INDIA | Friday, 26 August 2011 | Views [16337] | Comments [1]

Rich in history and culture, India is an incredibly fascinating country to visit. It has so much to offer in terms of astonishing World Heritage Sites, delicious cuisine, as well as some amazing shopping. A great place to start exploring this captivating country is in the north, though before you pack your bags and jet on over, here are some guidelines to keep in mind when visiting the diverse, northern regions of India.

Highlights of Northern India

To begin your journey, a tour through Old Delhi is a great way for exploring and getting to know the culture. There are many tourist attractions in the forms of forts, mosques, palaces, and temples. One such place is the majestic Red Fort, a World Heritage Site.

Travelling southwest from Delhi, you will find yourself in the famous Pink city of Jaipur. Capital of Rajasthan, Jaipur is definitely worth a few days stay. It has a number of forts and monuments, such as the Hawa Mahal (Palace of Winds), Amber Fort, City Palace,  as well as the famous observatory, Jantar Mantar, (World Heritage Site). The list is endless!

Agra, situated in the Uttar Pradesh state, is famous for its three World Heritage Sites - the Agra Fort,  Fatehpur Sikiri, and of course the majestic Taj Mahal. A trip to India is not complete without a visit to the Taj Mahal. It is open every day of the week except for a Friday, and the best time for visiting the site is early in the morning or late in the afternoon when the sun casts the best light, perfect for photographs.
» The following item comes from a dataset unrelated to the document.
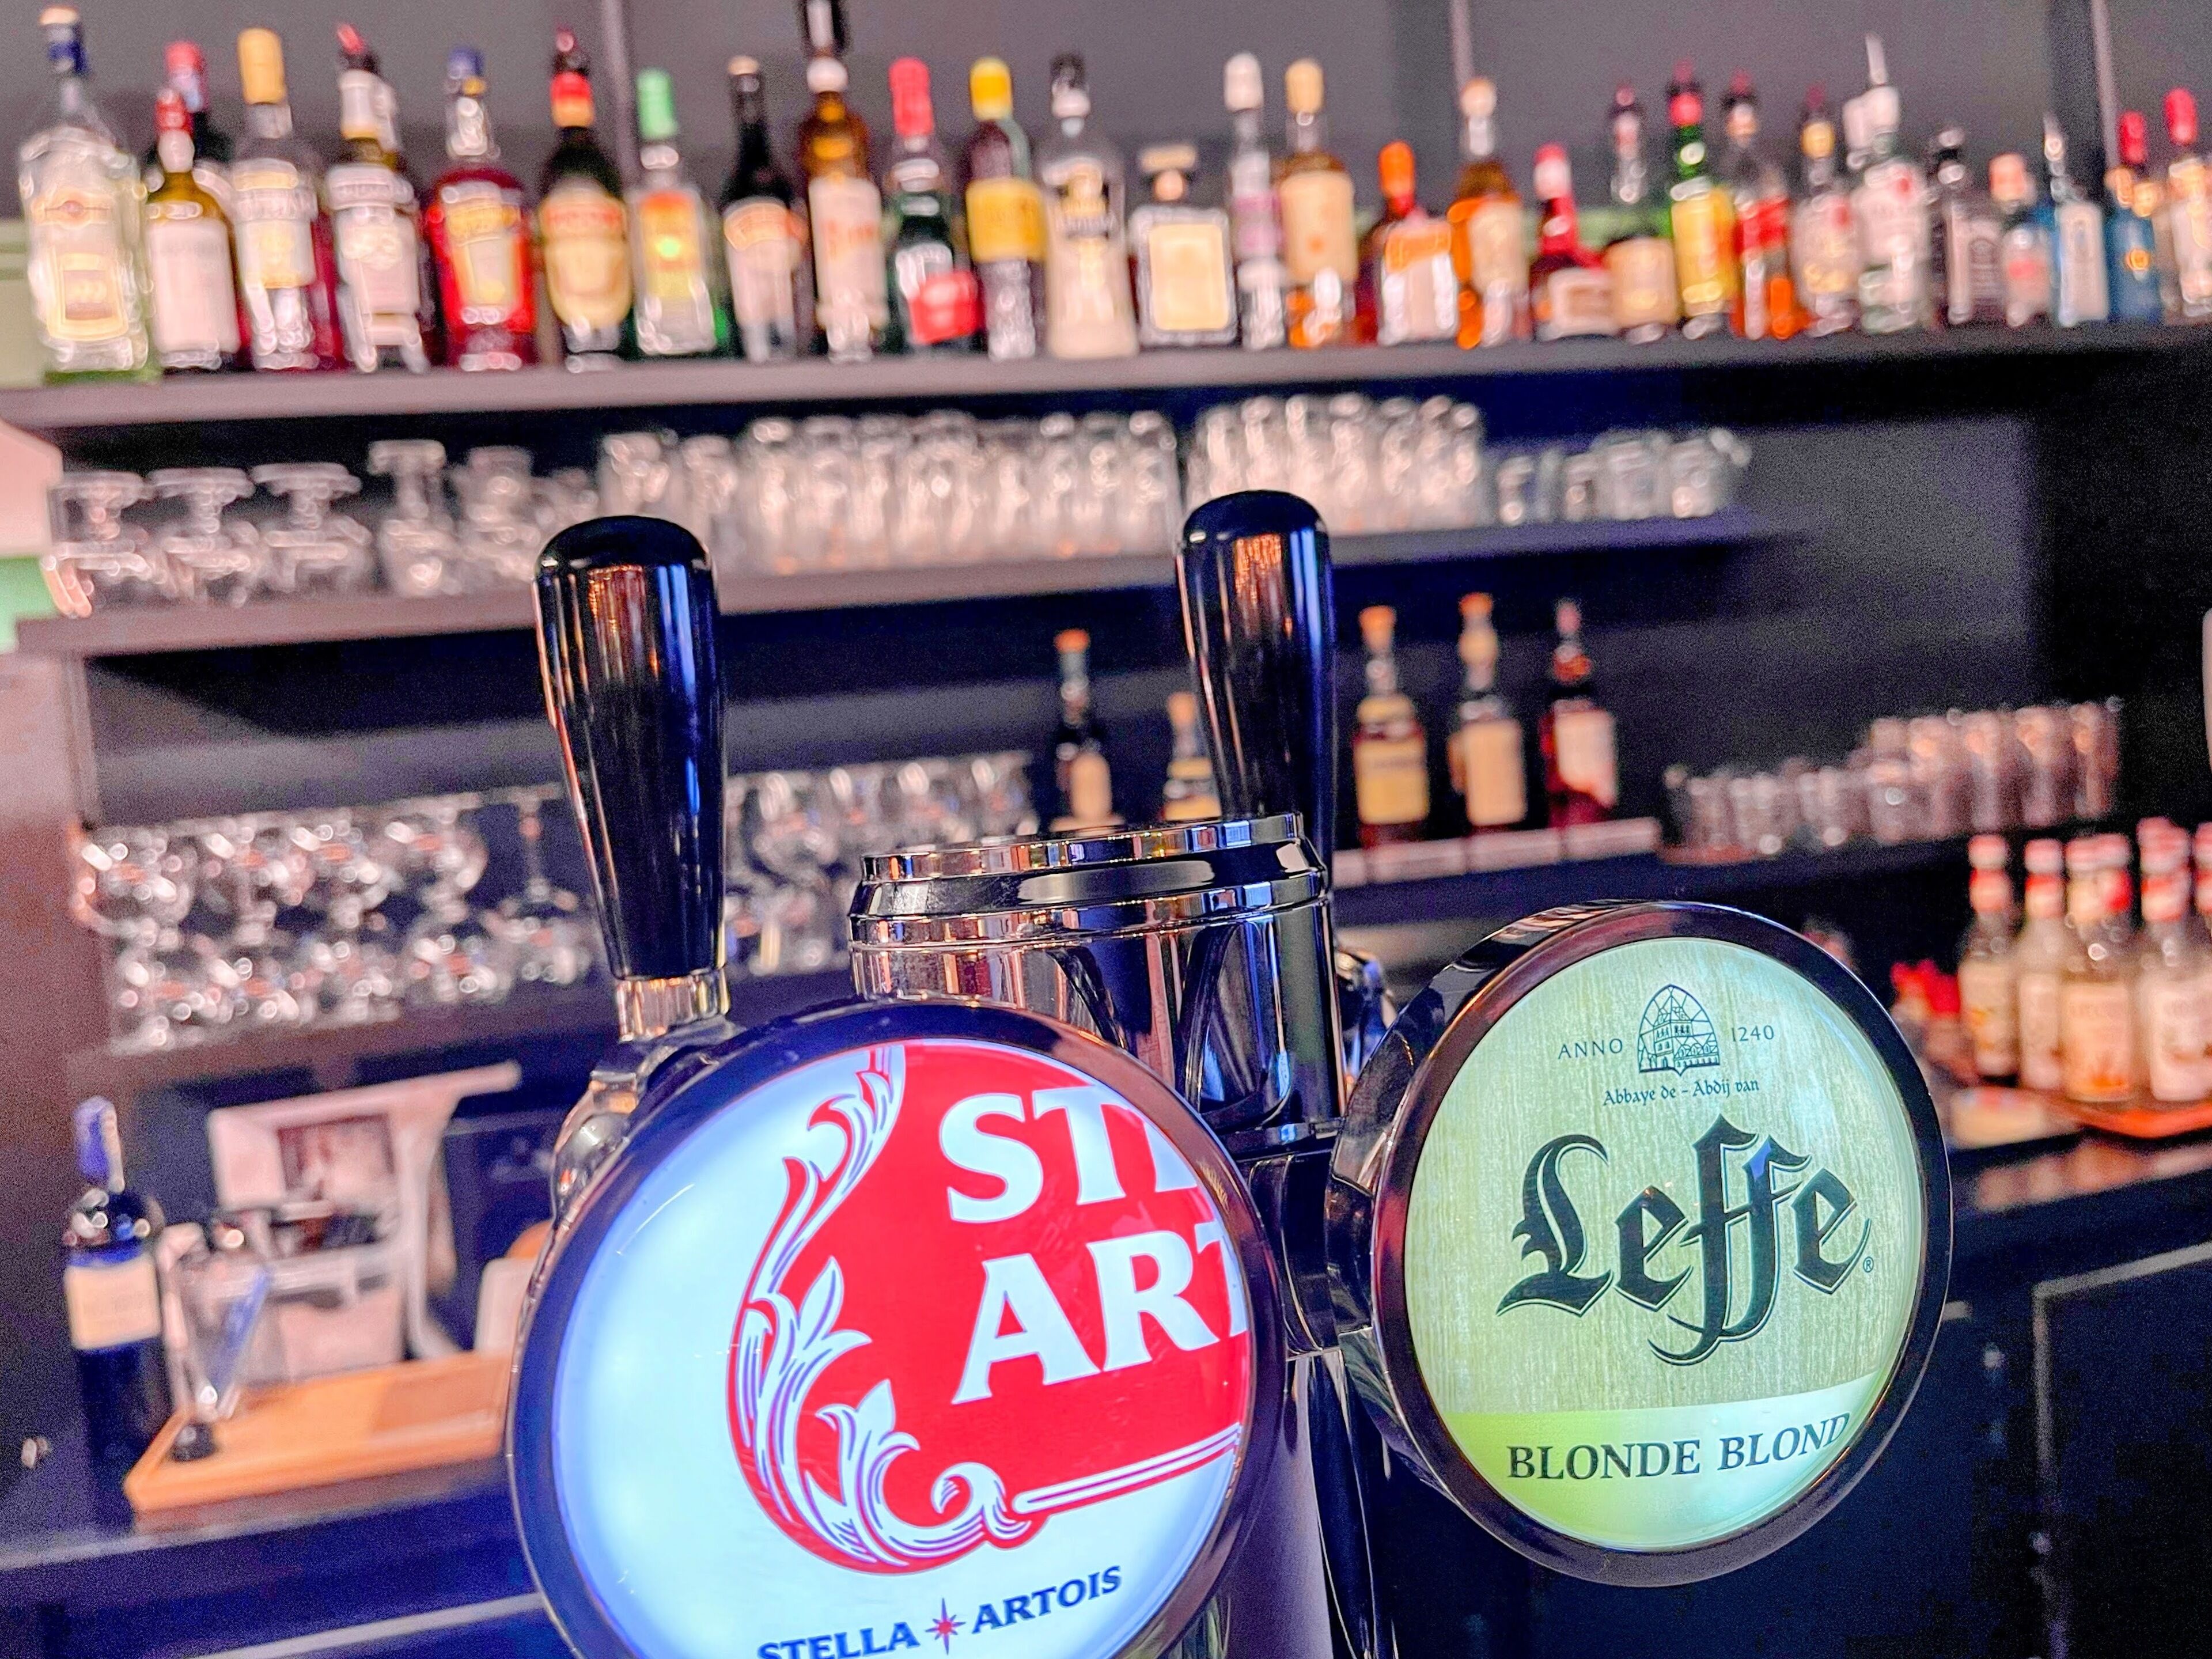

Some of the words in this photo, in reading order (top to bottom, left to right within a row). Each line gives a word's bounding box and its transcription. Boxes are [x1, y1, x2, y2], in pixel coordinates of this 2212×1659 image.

Another popular tourist destination is Khajuraho. This town has the largest group of medieval Hindu and Jain temples that are famously referred to as the ‘Karma Sutra’ temples because of the beautifully ornate erotic sculptures that adorn the walls of the temples. The collection of temples in Khajuraho are listed as World Heritage Sites and are considered to be one of the ‘seven wonders’ of India.

No trip to Northern India would be complete without visiting Varanasi, situated on the banks of the Ganges River. A wonderful way to witness the daily routine of the locals is to take a morning and evening boat ride out onto the Ganges. However, do take precaution and do not bathe in the water, let alone drink it. There is an incredibly high amount of pollution in the water.


Indian food is widely recognised for its gorgeous, aromatic curries and tasty breads. Delhi is home to the Mughlai cuisine and many of the restaurants and food stalls reflect this influence in the forms of Tandoori chicken, Butter chicken, Korma, and Biryani.

Almost every second street vendor sells deep-fried Pakhoras. These delicious snacks come in a variety of flavours, such as chilli, vegetable, and paneer.

There is a very popular Rajasthani dish called a Dhal Bati Churma, which is highly recommended for any visitor to try. This dish consists of three types of dhal (lentils), ranging from mild to extra hot and spicy, three different types of bati (bread), and three varieties of churma (sweet dish). Curried vegetables, yoghurt, and rice also accompanied the dish. The whole meal only costs 225 Rupees, which is about $5/£3. Indian food is incredibly cheap (and incredibly tasty as well!). 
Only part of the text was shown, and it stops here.